Regulatory Affairs Manager m/f/d, ZürichContributes to define, develop, and support the Regional [(Europe & Canada [EUCAN] or Growth & Emerging Markets [GEM]) strategies to maximize regulatory success and strengthen the product development plan in support of enabling patient access, including all aspects of submission and timely approval of investigational applications, market application and life-cycle management
Collaborates with the global, regional, and local team to enable patient access in alignment with program objectives and timely approval of investigational applications and life-cycle management applications, while maintaining full compliance with applicable regulatory requirements.
Location: Opfikon
Contract start date: As soon as possible
End date: 31.03.2026
Responsibilities: - Collaborates with Global, Regional counterparts, Local Regulatory Affairs, to manage all aspects of regulatory activities throughout the product life cycle.
- May be regulatory lead or support a more senior regulatory lead for assigned assets and/or projects.
- May present regional regulatory strategies to leadership/senior management
- Stays current with regulations / guidance in the region for impact on drug development plans, registration, and life-cycle management to maximize the positive outcomes of the regulatory applications and maintain regulatory compliance.
- Provides regulatory expertise on drug development, registration and / or post-marketing compliance and life cycle management.
- Monitors the relevant regional regulations /guidance for programs in area of responsibility
and participates in the review of new legislation and regulatory procedural guidelines, as applicable. - Participates, as appropriate, and authors/reviews internal procedures and processes.
- Actively pursues the tracking and fulfillment of post marketing commitments.
- Understands and interprets complex scientific issues for products of responsibility as it relates to regulatory requirements and strategy.
- Supports Acce.ss to Medicines initiatives to develop and implement innovative patient access strategies
- Develops effective working relationships with LOC Regulatory Lead, Regional and Global Regulatory Team, Cross- functional Teams; company's consultants and Business Partners as required.
- Effectively communicates the regulatory strategies, submission plans and timelines, probability of success, and impact assessments of trends, regulations and changes related to assigned programs.
- Accountable for working with other RA functions and/or vendor to ensure that regulatory submissions and approvals are achieved on schedule within area of responsibility
- Understands importance of regulatory documents for value and access discussions and partners with access functions to support access applications as needed
- Leads or supports preparation activities for meetings with Health Authorities for the assigned program, as required.
- Oversees LOC interactions with Health Authorities in Growth & Emerging Markets for responsible programs.
- Interacts directly with HA (EUCAN), as required.
- May represent the company in Health Authority meetings. Effectively communicates and manages meeting outcome and next steps, as required.
Requirements: - BSc. Advanced scientific related degree preferred; BA accepted based on experience.
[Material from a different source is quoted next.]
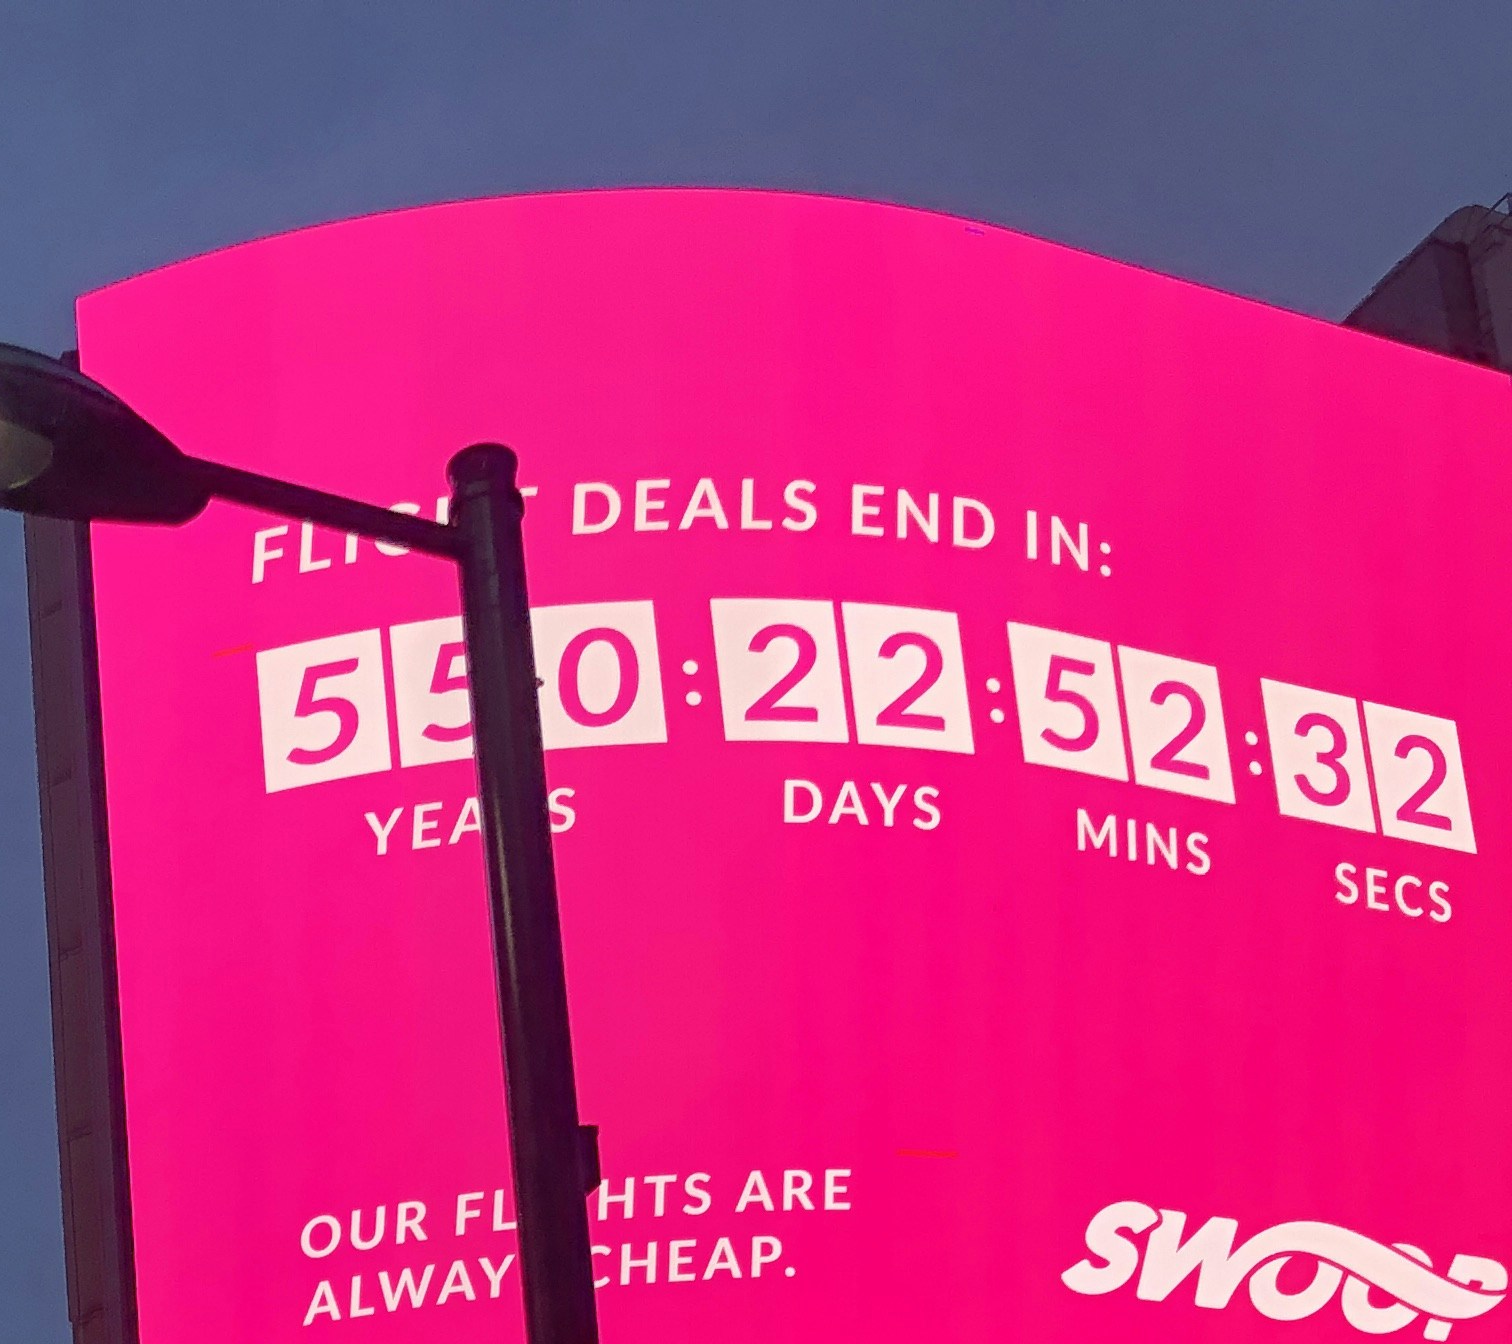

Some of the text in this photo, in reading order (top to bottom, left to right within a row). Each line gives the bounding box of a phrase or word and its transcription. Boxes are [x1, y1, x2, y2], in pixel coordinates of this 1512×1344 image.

- A minimum of 4 years of experience in drug regulatory affairs preferably within the EU/GEM region.
- Experience with advanced therapeutic medical products (Cell & gene therapy) will be advantageous.
- Solid regulatory experience, including knowledge of regulations and guidance governing drugs and biologics in all phases of development for [Emerging markets and/or EUCAN Markets (relevant to role)] as well as leading interaction with Health Authorities.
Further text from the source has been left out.